Is there any rule that the probability will be the same throughout? Sounds awkward.. but want to confirm.

Yes, P(B) on any given pick = P(B) on the first pick.

An easier example:

Say we have 3 red marbles and 2 blue. What's the probability that the second marble picked is blue?

P(B) on the first pick is 2/5.

To get blue on the second pick, our two picks could be RB or BB:

P(R and B) = 3/5 * 2/4 = 3/10.

P(B and B) = 2/5 * 1/4 = 1/10.

Since either is a good outcome, we add the fractions:

3/10 + 1/10 = 4/10 = 2/5.

The same probability as getting blue on the first pick.

Pretty neat!

This is so because each ball is equally likely to be the fourth one (or nth one) drawn

GMATGuruNY wrote:

kvcpk wrote:Surprisingly, Answer lloks to be same as picking the black ball in first attempt.

Is there any rule that the probability will be the same throughout? Sounds awkward.. but want to confirm.

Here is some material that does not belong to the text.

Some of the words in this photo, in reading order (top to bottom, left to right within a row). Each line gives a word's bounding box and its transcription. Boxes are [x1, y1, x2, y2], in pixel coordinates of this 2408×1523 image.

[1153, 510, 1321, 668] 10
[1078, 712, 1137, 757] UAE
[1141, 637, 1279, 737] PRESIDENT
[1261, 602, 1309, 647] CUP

Yes, P(B) on any given pick = P(B) on the first pick.

An easier example:

Say we have 3 red marbles and 2 blue. What's the probability that the second marble picked is blue?

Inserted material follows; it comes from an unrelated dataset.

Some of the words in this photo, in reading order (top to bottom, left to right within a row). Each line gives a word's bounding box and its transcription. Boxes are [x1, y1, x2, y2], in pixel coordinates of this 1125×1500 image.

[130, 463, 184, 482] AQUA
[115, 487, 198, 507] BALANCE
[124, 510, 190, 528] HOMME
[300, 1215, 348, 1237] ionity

P(B) on the first pick is 2/5.

To get blue on the second pick, our two picks could be RB or BB:

P(R and B) = 3/5 * 2/4 = 3/10.

P(B and B) = 2/5 * 1/4 = 1/10.

Since either is a good outcome, we add the fractions:

3/10 + 1/10 = 4/10 = 2/5.

The same probability as getting blue on the first pick.

Pretty neat!

Thanks for sharing it Mitch... Very Useful

GMATGuruNY wrote:

kvcpk wrote:Surprisingly, Answer lloks to be same as picking the black ball in first attempt.

Is there any rule that the probability will be the same throughout? Sounds awkward.. but want to confirm.

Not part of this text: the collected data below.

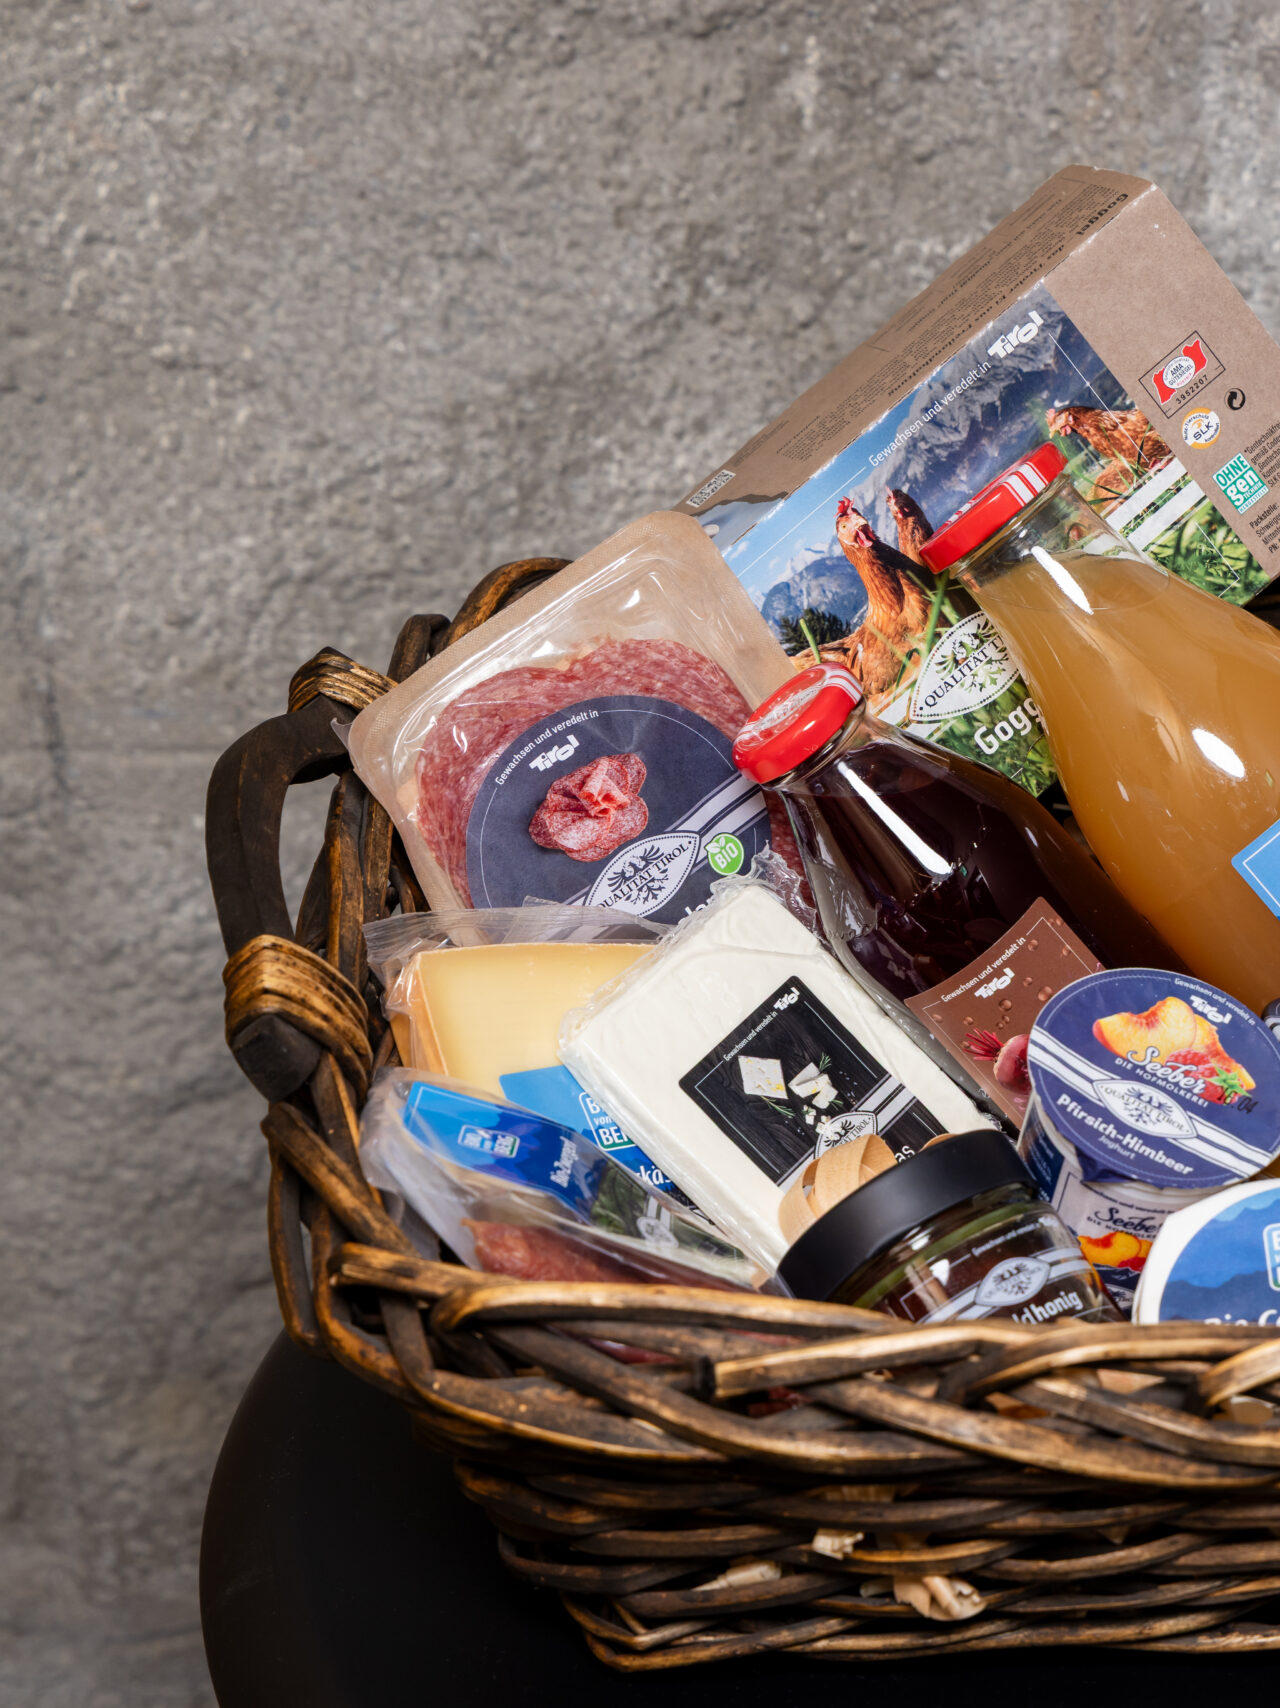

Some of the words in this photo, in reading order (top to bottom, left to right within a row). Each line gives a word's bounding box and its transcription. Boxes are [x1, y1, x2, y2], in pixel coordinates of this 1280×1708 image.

[1171, 363, 1184, 376] AMA
[868, 419, 925, 467] Gewachsen
[921, 400, 943, 423] und
[942, 369, 980, 406] veredelt
[978, 361, 991, 374] in
[987, 310, 1044, 359] Tirol
[1175, 374, 1208, 405] 3952207
[1193, 421, 1214, 441] SLK
[1215, 455, 1248, 487] OHNE
[1268, 475, 1279, 488] SLK
[1226, 469, 1260, 506] gen
[1243, 480, 1263, 500] TECHNIK
[1249, 502, 1280, 530] Packstelle:
[924, 645, 990, 708] QUALITÄT
[495, 742, 535, 785] Gewachsen
[534, 727, 553, 745] und
[551, 711, 590, 734] veredelt
[588, 709, 599, 721] in
[529, 734, 580, 772] Tirol
[653, 843, 689, 874] TIROL
[714, 842, 739, 870] BIO
[941, 975, 981, 1003] Gewachsen
[978, 964, 994, 980] und
[992, 942, 1020, 969] veredelt
[1016, 936, 1027, 946] in
[974, 967, 1016, 999] Tirol
[773, 987, 800, 1011] Tirol
[1174, 977, 1213, 999] Gewachsen
[1211, 992, 1228, 1007] und
[1224, 999, 1250, 1022] veredelt
[1246, 1016, 1256, 1026] in
[1190, 994, 1232, 1025] Tirol
[754, 1014, 774, 1033] veredelt
[770, 1010, 778, 1020] in
[723, 1036, 749, 1062] Gewachsen
[746, 1028, 757, 1042] und
[1115, 1056, 1134, 1071] DIE
[1135, 1066, 1209, 1109] HOFMOLKEREI
[1126, 1046, 1207, 1095] Seeber
[1104, 1085, 1157, 1117] QUALITÄT
[1155, 1112, 1186, 1133] TIROL
[598, 1126, 629, 1146] BE
[851, 1118, 871, 1138] TIROL
[1057, 1093, 1193, 1176] Pfirsich-Himbeer
[1097, 1134, 1137, 1161] Joghurt
[1094, 1207, 1162, 1234] Seebe

Yes, P(B) on any given pick = P(B) on the first pick.

An easier example:

Say we have 3 red marbles and 2 blue. What's the probability that the second marble picked is blue?

P(B) on the first pick is 2/5.

To get blue on the second pick, our two picks could be RB or BB:

P(R and B) = 3/5 * 2/4 = 3/10.

P(B and B) = 2/5 * 1/4 = 1/10.

Since either is a good outcome, we add the fractions:

3/10 + 1/10 = 4/10 = 2/5.

The same probability as getting blue on the first pick.

Pretty neat!

Using this logic, why would the other problem be solved this way:
P(black first pick) 5/8
P (black 2nd pick) 4/7
P (black 3rd pick) 3/6
P (black 4th pick) 2/5
I think you'd have to add the first three and then multiply the black 4th pick ... but this gets really complicated. I guess I'm just trying to figure out how to do the two problems the same way, since we didnt use this methology to anwser the yellow /black ball problem.

singhpreet1 wrote:
took me a while to get my head around this one.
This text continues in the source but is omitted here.